▶ RECORDS FOR THIS TASK
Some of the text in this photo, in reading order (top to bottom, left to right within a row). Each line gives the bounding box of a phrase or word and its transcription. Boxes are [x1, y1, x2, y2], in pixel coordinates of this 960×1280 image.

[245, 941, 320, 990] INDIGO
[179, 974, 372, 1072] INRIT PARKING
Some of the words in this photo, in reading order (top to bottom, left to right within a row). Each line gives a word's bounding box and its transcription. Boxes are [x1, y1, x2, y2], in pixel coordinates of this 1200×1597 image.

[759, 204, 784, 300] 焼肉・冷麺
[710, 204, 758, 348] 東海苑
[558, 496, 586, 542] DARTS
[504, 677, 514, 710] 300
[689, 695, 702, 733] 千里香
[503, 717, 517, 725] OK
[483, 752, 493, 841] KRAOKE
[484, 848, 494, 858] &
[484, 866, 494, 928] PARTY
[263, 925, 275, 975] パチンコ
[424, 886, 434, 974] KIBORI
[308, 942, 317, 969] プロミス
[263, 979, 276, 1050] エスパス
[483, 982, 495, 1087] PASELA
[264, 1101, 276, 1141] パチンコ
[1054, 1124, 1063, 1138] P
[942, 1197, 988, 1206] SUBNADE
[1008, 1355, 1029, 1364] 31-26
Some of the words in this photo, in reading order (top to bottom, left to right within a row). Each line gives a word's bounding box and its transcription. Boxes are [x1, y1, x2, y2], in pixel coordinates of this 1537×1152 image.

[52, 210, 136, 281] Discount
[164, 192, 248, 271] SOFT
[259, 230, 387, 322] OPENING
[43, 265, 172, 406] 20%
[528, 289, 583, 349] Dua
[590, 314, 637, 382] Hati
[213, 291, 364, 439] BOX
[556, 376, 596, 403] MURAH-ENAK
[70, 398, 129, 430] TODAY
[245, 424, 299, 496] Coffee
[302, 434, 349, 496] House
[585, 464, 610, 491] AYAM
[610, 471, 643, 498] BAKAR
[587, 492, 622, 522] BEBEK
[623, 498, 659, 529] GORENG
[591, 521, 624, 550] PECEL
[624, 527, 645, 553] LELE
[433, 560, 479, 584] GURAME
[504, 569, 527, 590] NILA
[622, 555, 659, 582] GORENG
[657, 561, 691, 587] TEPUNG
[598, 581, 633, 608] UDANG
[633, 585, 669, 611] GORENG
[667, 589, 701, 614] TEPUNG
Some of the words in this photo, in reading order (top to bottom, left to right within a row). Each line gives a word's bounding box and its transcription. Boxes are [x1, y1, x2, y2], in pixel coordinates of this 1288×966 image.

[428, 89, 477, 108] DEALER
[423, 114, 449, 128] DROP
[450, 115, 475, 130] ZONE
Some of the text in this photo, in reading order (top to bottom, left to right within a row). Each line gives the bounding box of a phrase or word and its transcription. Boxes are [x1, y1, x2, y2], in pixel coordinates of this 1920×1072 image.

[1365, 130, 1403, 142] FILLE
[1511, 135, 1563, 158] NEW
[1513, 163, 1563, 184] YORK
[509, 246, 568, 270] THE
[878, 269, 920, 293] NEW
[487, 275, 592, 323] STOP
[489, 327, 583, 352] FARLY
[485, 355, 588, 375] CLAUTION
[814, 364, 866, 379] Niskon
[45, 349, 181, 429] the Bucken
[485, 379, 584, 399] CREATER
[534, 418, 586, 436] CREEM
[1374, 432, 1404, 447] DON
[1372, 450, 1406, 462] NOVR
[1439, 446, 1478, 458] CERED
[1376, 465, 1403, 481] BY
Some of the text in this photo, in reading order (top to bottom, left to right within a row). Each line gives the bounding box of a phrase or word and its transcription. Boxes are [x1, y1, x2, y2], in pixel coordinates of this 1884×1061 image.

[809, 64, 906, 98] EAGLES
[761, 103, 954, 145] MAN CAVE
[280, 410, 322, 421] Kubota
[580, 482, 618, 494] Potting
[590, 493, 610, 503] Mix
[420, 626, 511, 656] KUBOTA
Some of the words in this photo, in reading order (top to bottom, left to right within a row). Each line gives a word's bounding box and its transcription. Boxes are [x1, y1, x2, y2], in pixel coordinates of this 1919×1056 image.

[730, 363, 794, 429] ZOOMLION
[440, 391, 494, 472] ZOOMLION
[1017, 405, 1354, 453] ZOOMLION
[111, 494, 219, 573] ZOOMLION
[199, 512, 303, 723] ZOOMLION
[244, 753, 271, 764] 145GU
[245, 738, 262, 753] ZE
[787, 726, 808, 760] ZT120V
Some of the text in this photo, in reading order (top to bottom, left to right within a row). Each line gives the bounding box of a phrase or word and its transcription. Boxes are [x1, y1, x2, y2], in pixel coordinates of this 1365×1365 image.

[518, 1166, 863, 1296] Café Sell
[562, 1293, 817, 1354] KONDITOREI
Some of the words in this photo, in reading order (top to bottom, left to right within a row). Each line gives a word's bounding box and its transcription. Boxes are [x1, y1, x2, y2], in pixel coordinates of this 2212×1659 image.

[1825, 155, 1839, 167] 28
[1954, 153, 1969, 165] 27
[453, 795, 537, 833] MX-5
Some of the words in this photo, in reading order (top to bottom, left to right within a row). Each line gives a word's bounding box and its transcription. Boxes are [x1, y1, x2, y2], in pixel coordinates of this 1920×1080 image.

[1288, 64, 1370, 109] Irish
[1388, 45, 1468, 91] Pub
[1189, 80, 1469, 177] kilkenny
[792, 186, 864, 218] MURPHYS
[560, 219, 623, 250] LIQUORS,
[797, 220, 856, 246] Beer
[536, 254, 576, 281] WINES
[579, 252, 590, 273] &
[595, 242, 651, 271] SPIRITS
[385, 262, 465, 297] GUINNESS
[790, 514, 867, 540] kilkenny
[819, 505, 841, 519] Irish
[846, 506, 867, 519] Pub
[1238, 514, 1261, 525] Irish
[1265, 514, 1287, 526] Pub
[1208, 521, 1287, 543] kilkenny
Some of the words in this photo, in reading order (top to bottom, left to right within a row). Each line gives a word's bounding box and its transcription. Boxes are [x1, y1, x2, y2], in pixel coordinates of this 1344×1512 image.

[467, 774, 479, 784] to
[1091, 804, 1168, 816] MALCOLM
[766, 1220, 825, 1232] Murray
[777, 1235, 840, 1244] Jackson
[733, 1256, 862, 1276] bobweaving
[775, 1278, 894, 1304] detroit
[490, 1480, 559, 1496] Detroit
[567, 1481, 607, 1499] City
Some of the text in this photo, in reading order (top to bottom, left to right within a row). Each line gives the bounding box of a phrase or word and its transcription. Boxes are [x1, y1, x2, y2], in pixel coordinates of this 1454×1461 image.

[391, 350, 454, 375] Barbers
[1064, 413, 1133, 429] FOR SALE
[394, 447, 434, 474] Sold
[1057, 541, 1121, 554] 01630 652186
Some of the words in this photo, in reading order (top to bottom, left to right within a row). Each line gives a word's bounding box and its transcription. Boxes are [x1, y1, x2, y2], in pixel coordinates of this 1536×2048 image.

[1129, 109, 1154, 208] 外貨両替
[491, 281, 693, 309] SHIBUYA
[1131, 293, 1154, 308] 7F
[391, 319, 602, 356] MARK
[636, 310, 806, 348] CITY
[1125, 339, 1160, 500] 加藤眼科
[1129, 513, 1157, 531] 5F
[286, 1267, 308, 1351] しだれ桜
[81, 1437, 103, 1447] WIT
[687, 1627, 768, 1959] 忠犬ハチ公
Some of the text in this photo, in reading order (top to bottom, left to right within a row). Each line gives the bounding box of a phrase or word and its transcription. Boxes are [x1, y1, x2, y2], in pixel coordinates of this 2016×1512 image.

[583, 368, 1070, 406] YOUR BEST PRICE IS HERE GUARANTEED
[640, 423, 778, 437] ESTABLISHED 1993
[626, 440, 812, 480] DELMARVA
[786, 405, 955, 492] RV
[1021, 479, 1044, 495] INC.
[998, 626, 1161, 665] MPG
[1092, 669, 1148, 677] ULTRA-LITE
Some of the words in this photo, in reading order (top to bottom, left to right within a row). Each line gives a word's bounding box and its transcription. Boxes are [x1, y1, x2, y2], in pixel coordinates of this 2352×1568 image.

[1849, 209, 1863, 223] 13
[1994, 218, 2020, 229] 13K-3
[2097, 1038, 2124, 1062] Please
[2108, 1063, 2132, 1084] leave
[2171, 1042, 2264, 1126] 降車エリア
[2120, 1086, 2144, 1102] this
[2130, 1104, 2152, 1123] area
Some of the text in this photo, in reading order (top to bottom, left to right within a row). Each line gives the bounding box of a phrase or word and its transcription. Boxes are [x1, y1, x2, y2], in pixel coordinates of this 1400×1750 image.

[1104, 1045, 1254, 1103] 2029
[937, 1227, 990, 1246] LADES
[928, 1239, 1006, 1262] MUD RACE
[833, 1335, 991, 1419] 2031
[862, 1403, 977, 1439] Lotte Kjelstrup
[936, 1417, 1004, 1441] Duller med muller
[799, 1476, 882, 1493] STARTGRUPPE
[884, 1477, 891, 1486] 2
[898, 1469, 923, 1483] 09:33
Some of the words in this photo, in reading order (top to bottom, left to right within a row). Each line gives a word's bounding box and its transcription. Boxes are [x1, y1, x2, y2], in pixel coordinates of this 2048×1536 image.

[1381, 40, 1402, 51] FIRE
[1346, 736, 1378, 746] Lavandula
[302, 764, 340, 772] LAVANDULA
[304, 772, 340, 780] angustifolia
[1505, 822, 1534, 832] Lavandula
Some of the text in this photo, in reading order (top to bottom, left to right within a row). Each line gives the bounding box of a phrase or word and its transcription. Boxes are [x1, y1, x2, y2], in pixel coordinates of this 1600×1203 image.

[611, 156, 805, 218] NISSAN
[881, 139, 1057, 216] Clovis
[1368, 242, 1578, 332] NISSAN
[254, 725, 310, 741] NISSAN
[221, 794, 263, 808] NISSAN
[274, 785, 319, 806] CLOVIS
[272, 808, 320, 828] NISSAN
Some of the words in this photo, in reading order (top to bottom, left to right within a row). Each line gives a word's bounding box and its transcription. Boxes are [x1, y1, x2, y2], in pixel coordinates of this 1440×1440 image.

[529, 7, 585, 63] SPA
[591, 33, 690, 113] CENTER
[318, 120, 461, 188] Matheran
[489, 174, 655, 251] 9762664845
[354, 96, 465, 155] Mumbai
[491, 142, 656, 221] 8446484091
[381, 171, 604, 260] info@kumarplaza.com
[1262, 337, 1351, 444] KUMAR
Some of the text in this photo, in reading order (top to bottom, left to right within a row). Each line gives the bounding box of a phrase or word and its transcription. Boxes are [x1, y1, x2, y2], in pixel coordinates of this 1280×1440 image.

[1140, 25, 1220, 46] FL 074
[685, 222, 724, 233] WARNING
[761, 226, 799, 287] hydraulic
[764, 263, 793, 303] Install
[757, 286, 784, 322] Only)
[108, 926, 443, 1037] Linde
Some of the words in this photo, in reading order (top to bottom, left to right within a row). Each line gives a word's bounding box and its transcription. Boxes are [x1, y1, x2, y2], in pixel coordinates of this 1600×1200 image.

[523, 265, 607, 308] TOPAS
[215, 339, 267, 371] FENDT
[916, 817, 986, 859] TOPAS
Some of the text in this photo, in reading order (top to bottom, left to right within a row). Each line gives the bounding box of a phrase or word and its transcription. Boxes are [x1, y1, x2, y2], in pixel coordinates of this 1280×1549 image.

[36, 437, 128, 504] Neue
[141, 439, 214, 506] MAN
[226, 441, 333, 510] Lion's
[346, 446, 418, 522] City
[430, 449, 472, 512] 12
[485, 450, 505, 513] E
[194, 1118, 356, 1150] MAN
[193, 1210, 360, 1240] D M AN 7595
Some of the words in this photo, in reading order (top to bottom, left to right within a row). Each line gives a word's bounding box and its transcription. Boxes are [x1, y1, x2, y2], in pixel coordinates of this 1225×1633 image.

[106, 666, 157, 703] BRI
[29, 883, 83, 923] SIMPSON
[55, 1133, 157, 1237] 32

▶ WHAT THIS TASK INVOLVES
Starting at the line that contains "this 1280×1549 image.", copy each line exactly through the end of the listing above. Include that first line and the last one, and add nothing.

▶ ANSWER TO THIS PROBLEM
Some of the text in this photo, in reading order (top to bottom, left to right within a row). Each line gives the bounding box of a phrase or word and its transcription. Boxes are [x1, y1, x2, y2], in pixel coordinates of this 1280×1549 image.

[36, 437, 128, 504] Neue
[141, 439, 214, 506] MAN
[226, 441, 333, 510] Lion's
[346, 446, 418, 522] City
[430, 449, 472, 512] 12
[485, 450, 505, 513] E
[194, 1118, 356, 1150] MAN
[193, 1210, 360, 1240] D M AN 7595
Some of the words in this photo, in reading order (top to bottom, left to right within a row). Each line gives a word's bounding box and its transcription. Boxes are [x1, y1, x2, y2], in pixel coordinates of this 1225×1633 image.

[106, 666, 157, 703] BRI
[29, 883, 83, 923] SIMPSON
[55, 1133, 157, 1237] 32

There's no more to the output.